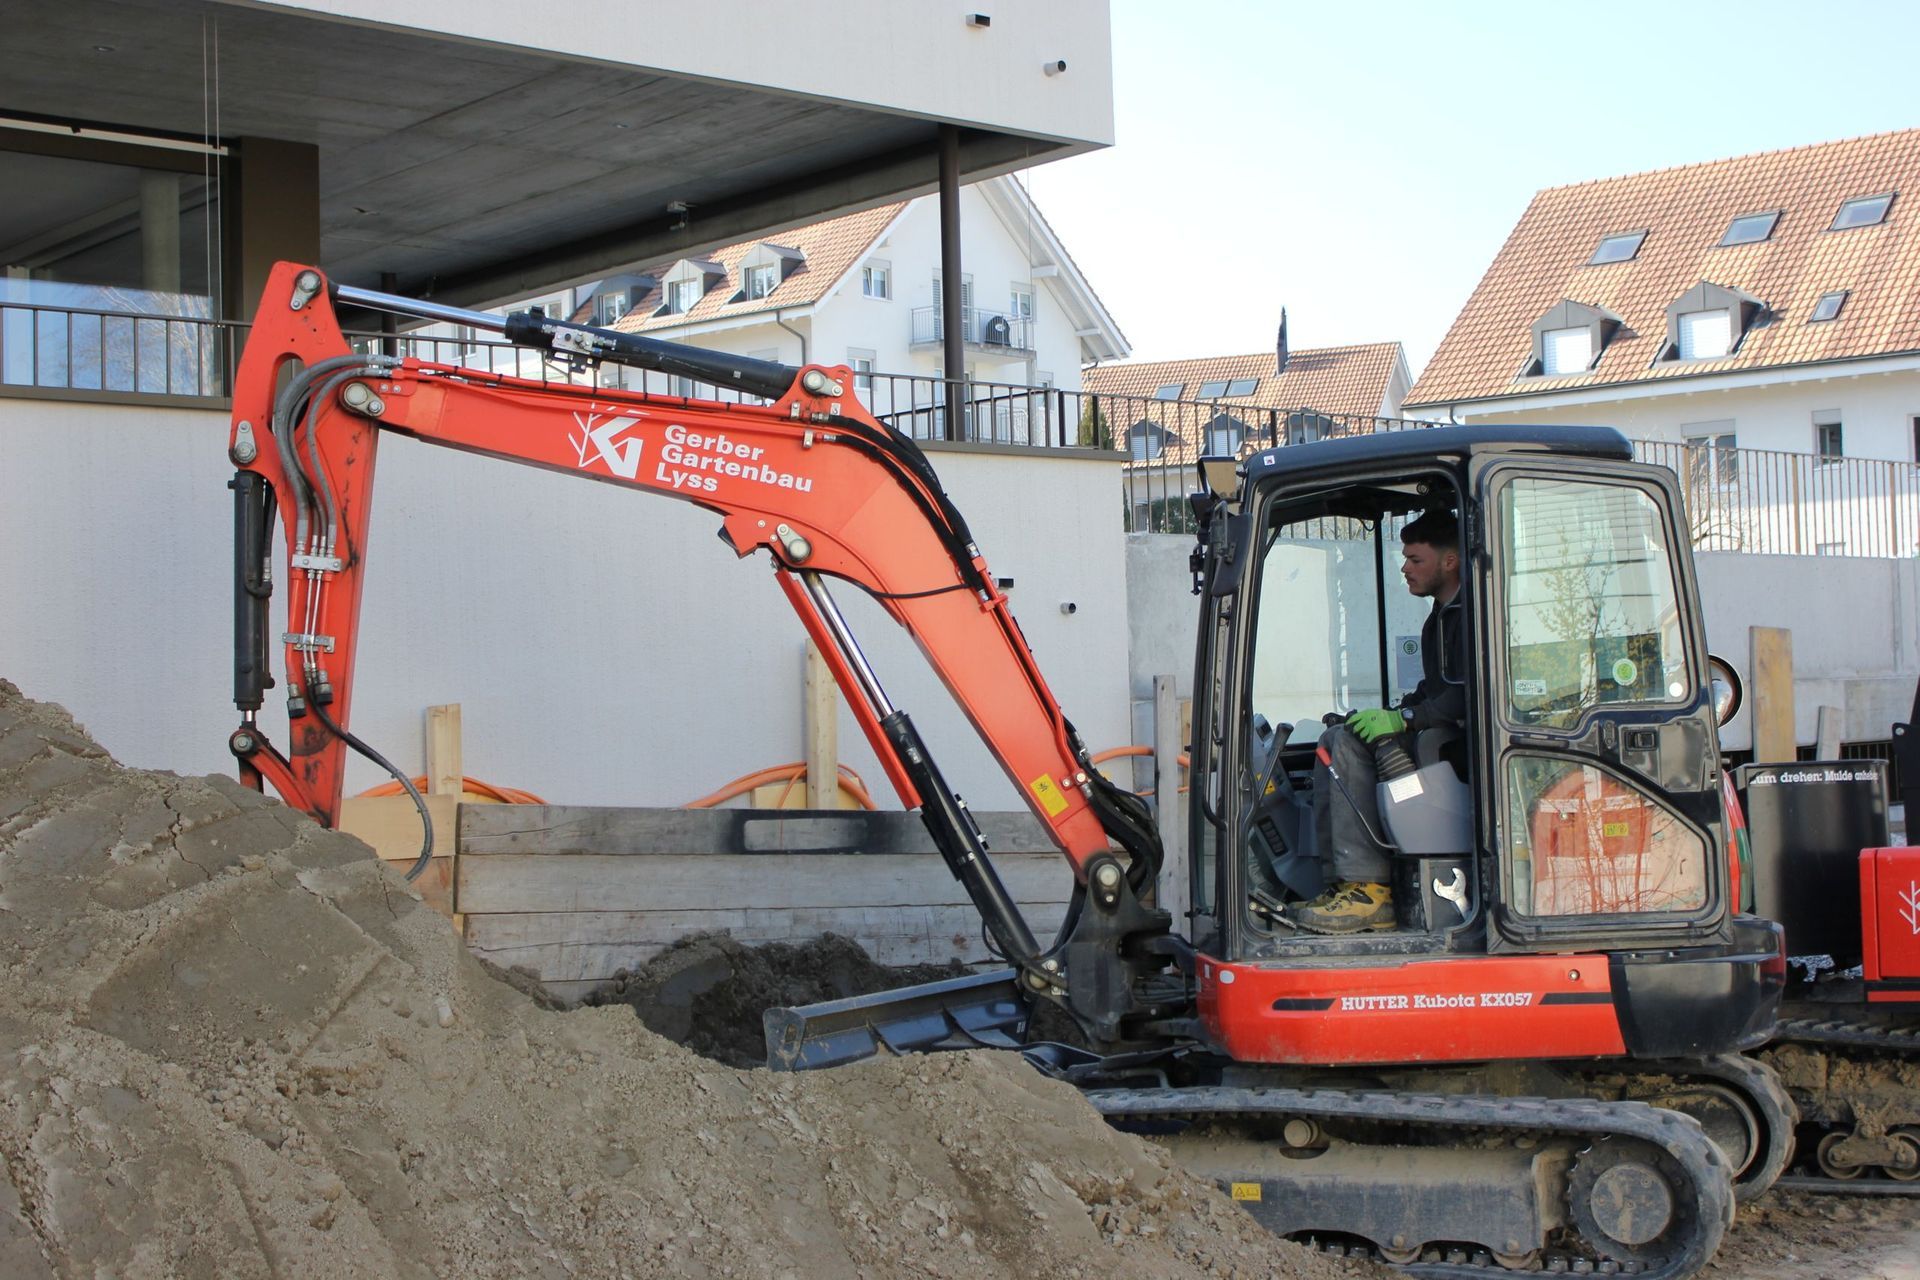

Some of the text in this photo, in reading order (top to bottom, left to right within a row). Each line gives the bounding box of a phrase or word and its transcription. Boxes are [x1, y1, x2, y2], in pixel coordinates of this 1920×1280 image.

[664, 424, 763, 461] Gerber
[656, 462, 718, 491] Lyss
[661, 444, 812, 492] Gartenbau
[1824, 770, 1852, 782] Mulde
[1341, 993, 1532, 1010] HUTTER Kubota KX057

**Instructions to follow:** Once the pictures are set aside, repeat each entry exactly as it stands.

**Solution to this exercise:**
Some of the text in this photo, in reading order (top to bottom, left to right within a row). Each line gives the bounding box of a phrase or word and its transcription. Boxes are [x1, y1, x2, y2], in pixel coordinates of this 1920×1280 image.

[664, 424, 763, 461] Gerber
[656, 462, 718, 491] Lyss
[661, 444, 812, 492] Gartenbau
[1824, 770, 1852, 782] Mulde
[1341, 993, 1532, 1010] HUTTER Kubota KX057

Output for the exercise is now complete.